In the late 1600s, there was a man born in India who became a Sikh Guru that we now know as Guru Gobind Singh. You all know the Sikhs, even if you don’t realize it: they are the Indians who wear turbans over their long hair, which they never cut. They worship a single God, just as Christians do, and like Christians they believe in charity, service, and devotion to their God, whom they call Waheguru or “Wonderful God”. This particular man, Guru Gobind Singh, had four sons. The two oldest were killed on the same day, in the same battle, and the youngest two were captured by the enemy in that same battle, and bricked up alive inside of a wall.

“Yet despite losing his children, Guru Gobind Singh stayed surrendered to the Will of the Divine. He said that his children had come to him from the Creator. And that he understood it was time to send them back home. When a few of his Sikhs attempted to gather the bodies of his two eldest sons on the battlefield, Guru Gobind Singh asked them what they were doing. They replied that they wanted to give his sons a proper funeral. Guru Gobind Singh told them that they should then stop and pick up all of the bodies – for all of the boys and men lying dead on the battlefield were equally his sons.”*

By any measure, an extraordinary response in the midst of a crushing grief. So that’s the type of man we’re dealing with, and I think it’s important to give you that background before I share this hymn of praise that he authored.
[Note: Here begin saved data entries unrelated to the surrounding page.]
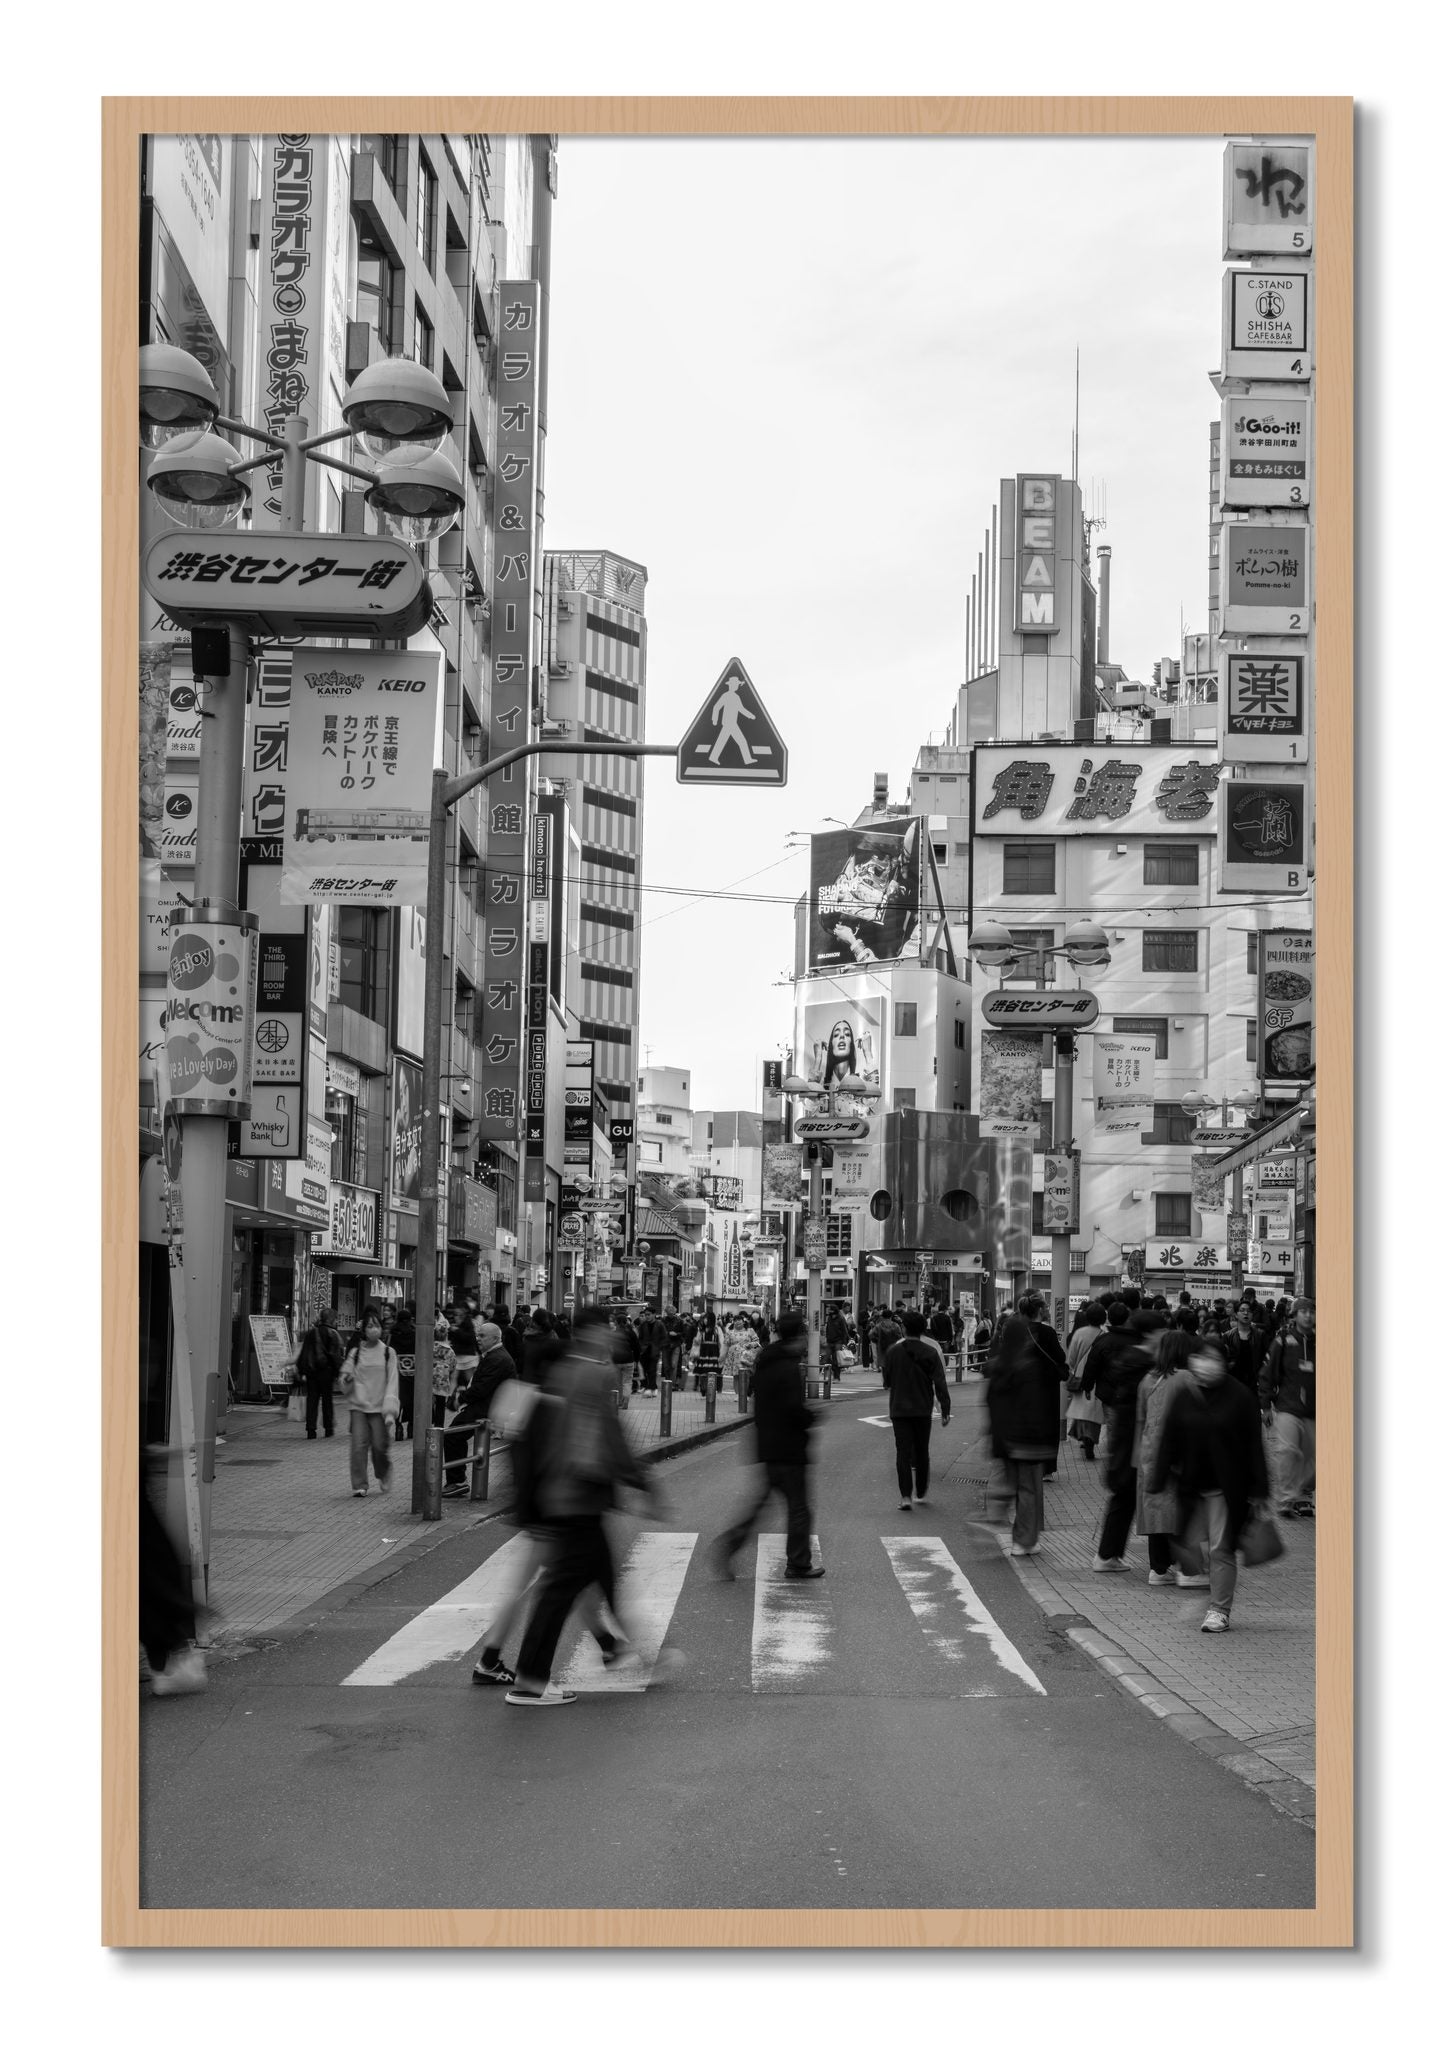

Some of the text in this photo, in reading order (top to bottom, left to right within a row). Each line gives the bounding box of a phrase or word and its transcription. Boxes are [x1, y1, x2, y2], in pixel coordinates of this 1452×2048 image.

[271, 147, 312, 286] カラオケ
[1293, 232, 1304, 248] 5
[1247, 280, 1293, 290] C.STAND
[1247, 320, 1292, 331] SHISHA
[1247, 332, 1292, 340] CAFE&BAR
[1291, 359, 1303, 374] 4
[1239, 438, 1298, 448] 渋谷宇田川町店
[1233, 463, 1302, 476] 全身もみほぐし
[1290, 486, 1302, 503] 3
[1022, 480, 1055, 625] BEAM
[157, 551, 408, 590] 渋谷センター街
[1289, 614, 1301, 630] 2
[317, 687, 352, 695] KANTO
[377, 679, 427, 693] KEIO
[1232, 717, 1295, 731] マツモトキヨシ
[321, 714, 338, 759] 冒険へ
[171, 743, 196, 751] 渋谷店
[340, 715, 359, 790] カントーの
[360, 715, 379, 790] ポケパーク
[382, 715, 400, 776] 京王線で
[1289, 742, 1297, 758] 1
[537, 819, 546, 855] kimono
[167, 850, 192, 859] 渋谷店
[309, 878, 398, 891] 渋谷センター街
[1288, 871, 1299, 887] B
[170, 948, 212, 983] Enjoy
[166, 998, 244, 1024] Welcome
[989, 1000, 1092, 1013] 渋谷センター街
[1264, 1008, 1295, 1029] 6F
[183, 1055, 214, 1077] Lovely
[216, 1057, 236, 1072] Day!
[251, 1122, 284, 1133] Whisky
[612, 1125, 632, 1137] GU
[250, 1132, 271, 1140] Bank
[730, 1244, 740, 1286] BEER
I think it’s the most beautiful description of God that I’ve ever encountered.

Ajai Alai – Invincible, Indestructible.

Abhai Abai – Fearless, Unchanging.

Abhoo Ajoo – Unformed, Unborn.

Anaas Akaas – Imperishable, Etheric

Aganj Abhanj – Unbreakable, Impenetrable.

Alakkh Abhakkh – Unseen, Unaffected.

Akaal Dy-aal – Undying, Merciful

Alaykh Abhaykh – Indescribable, Uncostumed.

Anaam Akaam – Nameless, Desireless.

Agaah Adhaah – Unfathomable, Incorruptible.

Anaathay Pramaathay – Unmastered, Destroyer.

Ajonee Amonee – Beyond birth, Beyond silence.

Na Raagay Na Rangay – Beyond love, Beyond color.

Na Roopay Na Raykhay – Beyond form, Beyond shape.

Akarmang Abharmang – Beyond karma, Beyond doubt.

Aganjay Alaykhay – Unconquerable, Indescribable.

The Bible says that David danced before the Lord when he wrote his Psalms. Before I ever knew what the words above meant, I was dancing before the Divine. Once I read them I was less dancing than floored.

Because though I’m not a Sikh and I assume I never will be, it’s nonetheless how I want to relate to God. As the essence of all that is.

And more than just that, it’s how I want to relate to other people. To speak to the soul of them that holds that same kind of divinity, even when, especially when (!), it might be lost to them.

It’s the kind of mother I want to be, who parents her children beyond birth and beyond silence. It’s the kind of partner I want to be, who loves beyond karma and beyond doubt. It’s the kind of friend I want to be, whose companionship is undying and merciful. It’s the kind of “opp” (as my kids would say) that I want to be, one who is invincible and indestructible. It’s the kind of coach I want to be, who sees her clients as “indescribable, uncostumed”.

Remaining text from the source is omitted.